Pernah dengar serangan teroris terhadap menara kembar World Trade Center(WTC) sebenarnya dilakukan oleh CIA guna meligitimasi perang Iraq? Atau bahwa semua intitusi penting di dunia dikuasai Yahudi? Cerita-cerita semacam ini lahir dari teori konspirasi. Kamus Meriam Webster mendefinisikan teori konspirasi sebagai teori yang menjelaskan peristiwa atau serangkaian peristiwa sebagai hasil dari skenario rahasia yang biasanya dilakukan oleh mereka yang berkuasa. 

Teori konspirasi seperti saya contohkan di atas punya banyak masalah, namun demi keadilan, pertama-tama saya perlu mengatakan bahwa tidak semua teori konspirasi berdasar pada bualan semata. Sejarah mencatat banyak skandal besar yang terbongkar diawali oleh kecurigaan adanya konspirasi. Salah satunya, investigasi yang dilakukan oleh Gary Webb di tahun 1996 mengenai peran CIA (Central Inteligence Agency)  dalam mengekspor heroin ke Amerika Serikat di tahun 1980-an.

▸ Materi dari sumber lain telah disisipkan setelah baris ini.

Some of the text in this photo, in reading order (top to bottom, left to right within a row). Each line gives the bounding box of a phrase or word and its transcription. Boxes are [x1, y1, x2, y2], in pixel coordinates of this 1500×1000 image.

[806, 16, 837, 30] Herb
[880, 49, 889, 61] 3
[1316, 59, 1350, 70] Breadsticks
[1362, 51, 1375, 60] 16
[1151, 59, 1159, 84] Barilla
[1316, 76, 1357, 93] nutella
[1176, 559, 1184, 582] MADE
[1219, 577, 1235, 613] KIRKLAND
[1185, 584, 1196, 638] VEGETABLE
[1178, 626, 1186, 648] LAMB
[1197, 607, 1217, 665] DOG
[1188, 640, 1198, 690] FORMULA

Investigasi ini menimbulkan kontroversi karena dianggap bukan hasil kerja jurnalisme yang baik. Pada 2005, jurnalis  investigasi Nick Schou mempublikasikan hasil penelusurannya atas investigasi Webb dan menemukan bahwa Webb benar adanya. Tuduhan bahwa laporan Webb sebagai teori konspirasi sesunguhnya diorkestrasi oleh CIA untuk melindungi diri mereka sendiri. 

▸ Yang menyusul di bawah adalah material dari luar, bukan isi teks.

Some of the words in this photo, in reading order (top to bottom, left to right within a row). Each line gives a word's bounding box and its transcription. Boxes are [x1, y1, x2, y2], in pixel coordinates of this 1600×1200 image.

Lepas dari teori konspirasi bisa membawa kita pada kebenaran, lebih banyak yang justru bekerja sebaliknya. Bahkan, teori konspirasi adalah tempat nyaman bagi para rasis atau nasionalis tidak karuan untuk meneguhkan kebencian mereka pada suatu kelompok. Lihat saja misalnya bagaimana teori konspirasi soal imigran di Eropa dijadikan legitimasi bagi kebencian terhadap muslim di sana. Dalam konteks lokal, kebencian terhadap Yahudi dan Amerika Serikat kerap menjadi pembenaran terhadap aksi terorisme yang dilakukan ISIS maupun Al-Qaeda.

Sebagaimana film horor, teori konspirasi selalu laris. Berbagai kanal Youtube, media online, dan televisi berlomba menyajikan konspirasi untuk dikonsumsi. Setiap kita hampir pasti memiliki tetangga, keluarga, dan atau teman yang jadi konsumen setia teori konspirasi.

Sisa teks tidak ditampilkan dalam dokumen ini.